Records Start Marker

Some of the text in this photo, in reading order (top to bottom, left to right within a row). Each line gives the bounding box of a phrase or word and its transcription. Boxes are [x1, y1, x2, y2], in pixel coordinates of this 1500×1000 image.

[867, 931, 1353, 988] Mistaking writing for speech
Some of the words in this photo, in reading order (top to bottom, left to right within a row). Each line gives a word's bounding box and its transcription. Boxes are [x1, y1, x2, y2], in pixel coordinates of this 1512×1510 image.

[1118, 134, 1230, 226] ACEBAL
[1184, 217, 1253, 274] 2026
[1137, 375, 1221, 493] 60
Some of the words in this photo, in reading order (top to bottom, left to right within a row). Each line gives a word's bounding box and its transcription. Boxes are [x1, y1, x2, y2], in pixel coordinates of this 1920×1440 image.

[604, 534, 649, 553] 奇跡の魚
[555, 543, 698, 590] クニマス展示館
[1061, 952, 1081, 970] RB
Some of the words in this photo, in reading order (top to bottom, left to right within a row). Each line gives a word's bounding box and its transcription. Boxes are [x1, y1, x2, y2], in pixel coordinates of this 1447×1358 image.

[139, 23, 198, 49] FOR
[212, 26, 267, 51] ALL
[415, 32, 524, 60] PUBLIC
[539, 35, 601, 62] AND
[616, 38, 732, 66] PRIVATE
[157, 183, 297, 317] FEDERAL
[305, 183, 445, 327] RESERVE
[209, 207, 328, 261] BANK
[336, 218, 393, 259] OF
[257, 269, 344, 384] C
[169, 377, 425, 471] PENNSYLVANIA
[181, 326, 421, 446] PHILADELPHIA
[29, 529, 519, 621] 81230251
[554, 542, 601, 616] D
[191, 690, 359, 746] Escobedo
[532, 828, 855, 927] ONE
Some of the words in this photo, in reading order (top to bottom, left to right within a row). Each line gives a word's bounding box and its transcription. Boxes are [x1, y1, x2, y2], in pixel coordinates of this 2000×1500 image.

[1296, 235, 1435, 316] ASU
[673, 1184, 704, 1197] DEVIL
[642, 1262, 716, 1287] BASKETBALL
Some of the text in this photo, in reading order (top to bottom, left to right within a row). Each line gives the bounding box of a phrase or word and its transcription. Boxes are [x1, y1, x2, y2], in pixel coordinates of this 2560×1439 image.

Records End Marker

What the exercise asks —
Could you transcribe the whole listing above without any edits?

Result —
Some of the text in this photo, in reading order (top to bottom, left to right within a row). Each line gives the bounding box of a phrase or word and its transcription. Boxes are [x1, y1, x2, y2], in pixel coordinates of this 1500×1000 image.

[867, 931, 1353, 988] Mistaking writing for speech
Some of the words in this photo, in reading order (top to bottom, left to right within a row). Each line gives a word's bounding box and its transcription. Boxes are [x1, y1, x2, y2], in pixel coordinates of this 1512×1510 image.

[1118, 134, 1230, 226] ACEBAL
[1184, 217, 1253, 274] 2026
[1137, 375, 1221, 493] 60
Some of the words in this photo, in reading order (top to bottom, left to right within a row). Each line gives a word's bounding box and its transcription. Boxes are [x1, y1, x2, y2], in pixel coordinates of this 1920×1440 image.

[604, 534, 649, 553] 奇跡の魚
[555, 543, 698, 590] クニマス展示館
[1061, 952, 1081, 970] RB
Some of the words in this photo, in reading order (top to bottom, left to right within a row). Each line gives a word's bounding box and its transcription. Boxes are [x1, y1, x2, y2], in pixel coordinates of this 1447×1358 image.

[139, 23, 198, 49] FOR
[212, 26, 267, 51] ALL
[415, 32, 524, 60] PUBLIC
[539, 35, 601, 62] AND
[616, 38, 732, 66] PRIVATE
[157, 183, 297, 317] FEDERAL
[305, 183, 445, 327] RESERVE
[209, 207, 328, 261] BANK
[336, 218, 393, 259] OF
[257, 269, 344, 384] C
[169, 377, 425, 471] PENNSYLVANIA
[181, 326, 421, 446] PHILADELPHIA
[29, 529, 519, 621] 81230251
[554, 542, 601, 616] D
[191, 690, 359, 746] Escobedo
[532, 828, 855, 927] ONE
Some of the words in this photo, in reading order (top to bottom, left to right within a row). Each line gives a word's bounding box and its transcription. Boxes are [x1, y1, x2, y2], in pixel coordinates of this 2000×1500 image.

[1296, 235, 1435, 316] ASU
[673, 1184, 704, 1197] DEVIL
[642, 1262, 716, 1287] BASKETBALL
Some of the text in this photo, in reading order (top to bottom, left to right within a row). Each line gives the bounding box of a phrase or word and its transcription. Boxes are [x1, y1, x2, y2], in pixel coordinates of this 2560×1439 image.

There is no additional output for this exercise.